*** Block opens ***

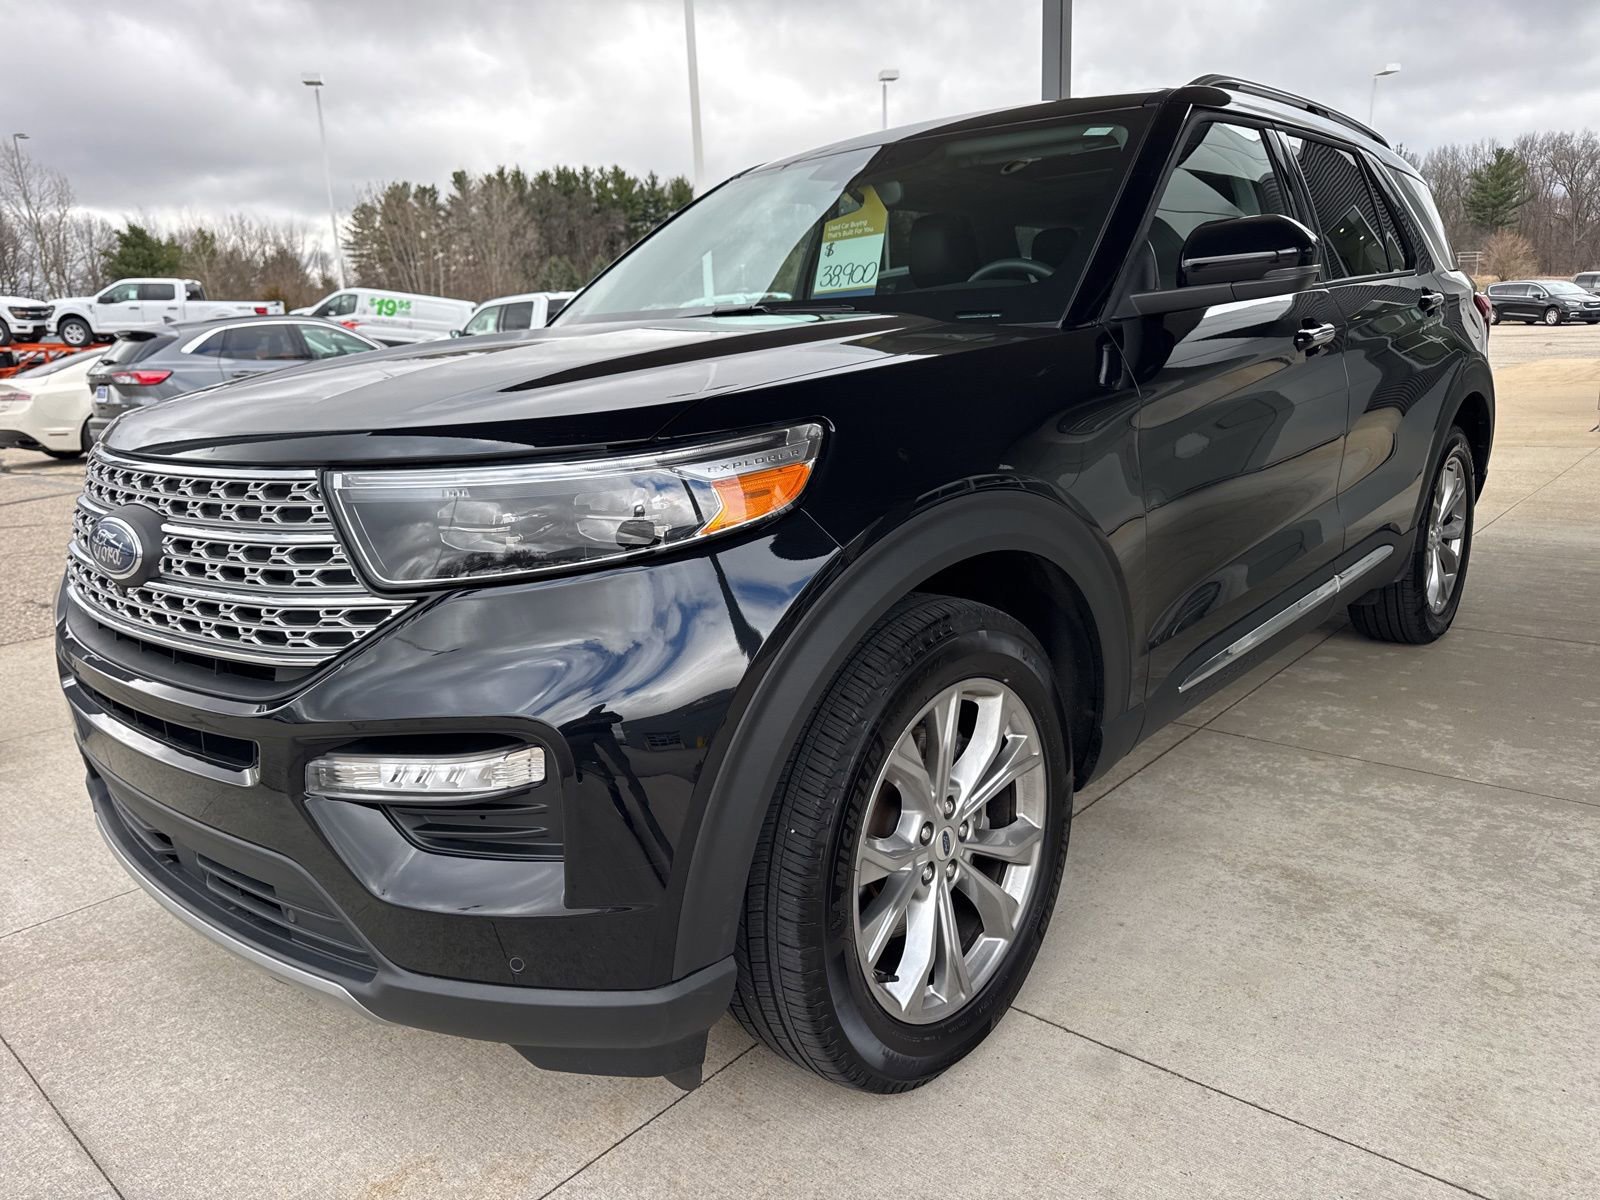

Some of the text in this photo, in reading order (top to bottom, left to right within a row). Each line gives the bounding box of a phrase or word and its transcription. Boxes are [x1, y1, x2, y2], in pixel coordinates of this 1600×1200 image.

[828, 220, 868, 232] Used Car Buying
[842, 230, 854, 238] Built
[825, 242, 834, 257] $
[819, 262, 878, 287] 38,900
[706, 449, 801, 474] EXPLORER
[834, 733, 885, 889] MICHELIN
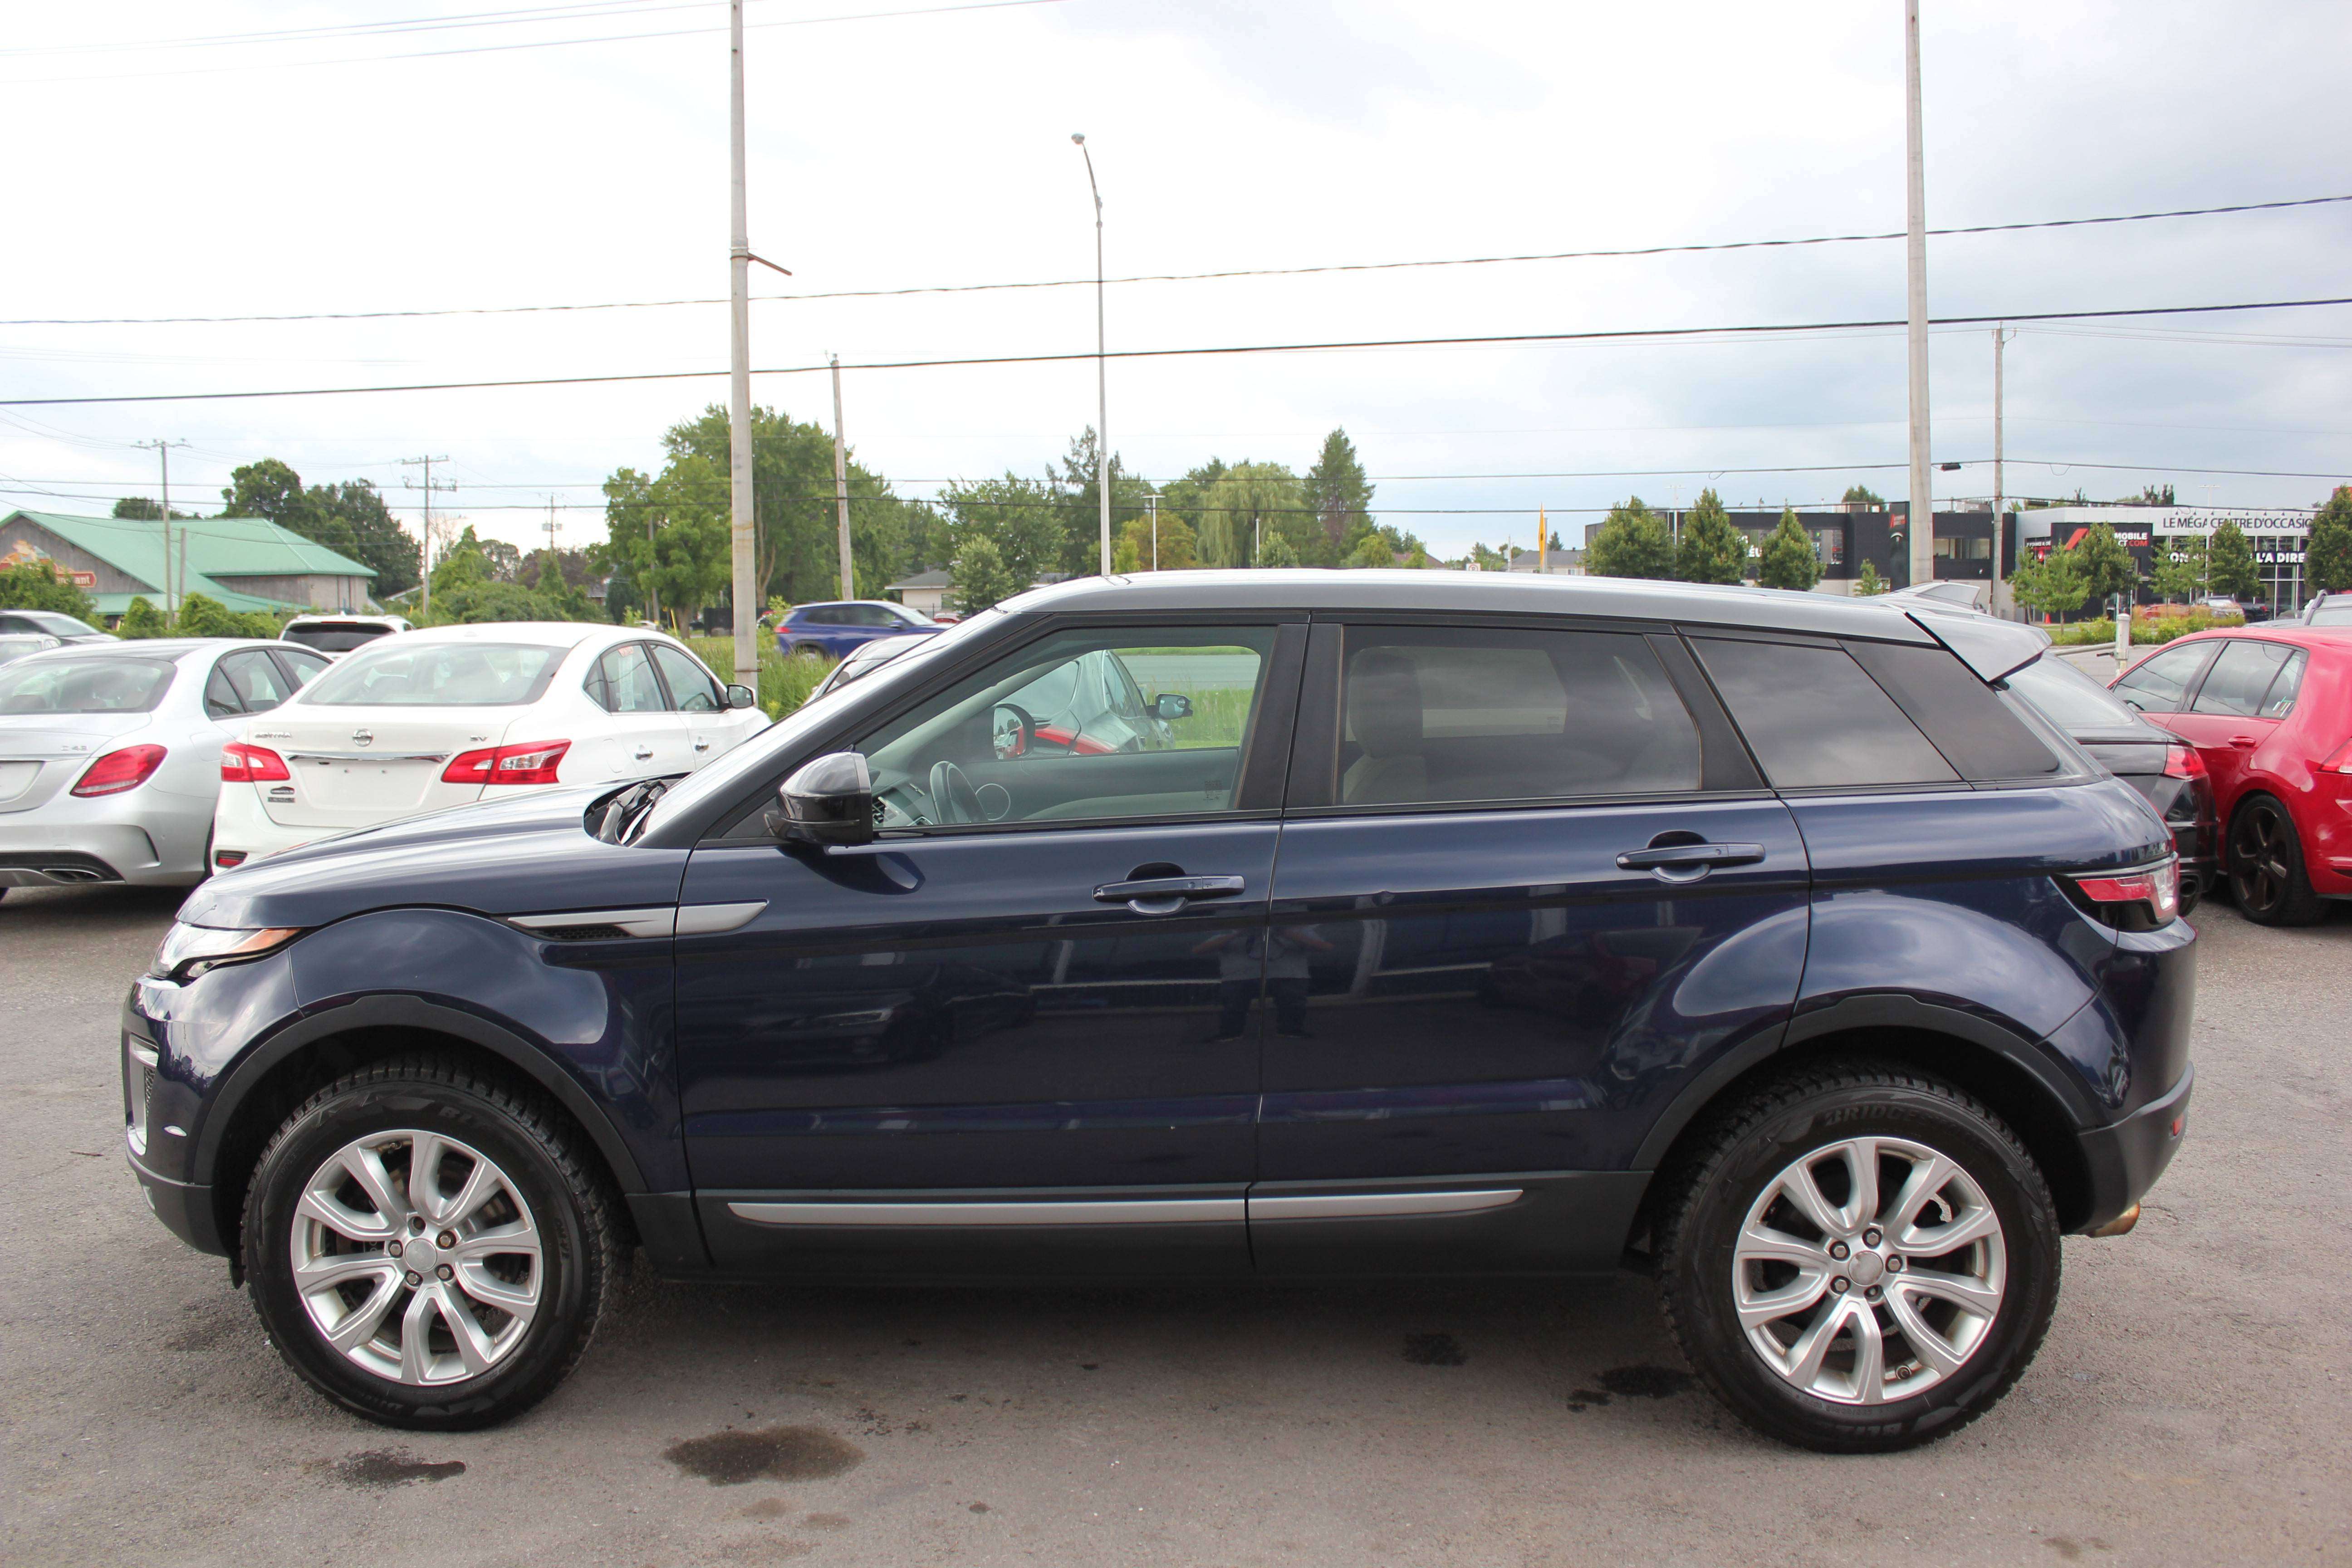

*** Block closes ***

■ Problem to work on
Your answer must be an exact copy of the records above, with every picture left out.

■ Result of the exercise
Some of the text in this photo, in reading order (top to bottom, left to right within a row). Each line gives the bounding box of a phrase or word and its transcription. Boxes are [x1, y1, x2, y2], in pixel coordinates of this 1600×1200 image.

[828, 220, 868, 232] Used Car Buying
[842, 230, 854, 238] Built
[825, 242, 834, 257] $
[819, 262, 878, 287] 38,900
[706, 449, 801, 474] EXPLORER
[834, 733, 885, 889] MICHELIN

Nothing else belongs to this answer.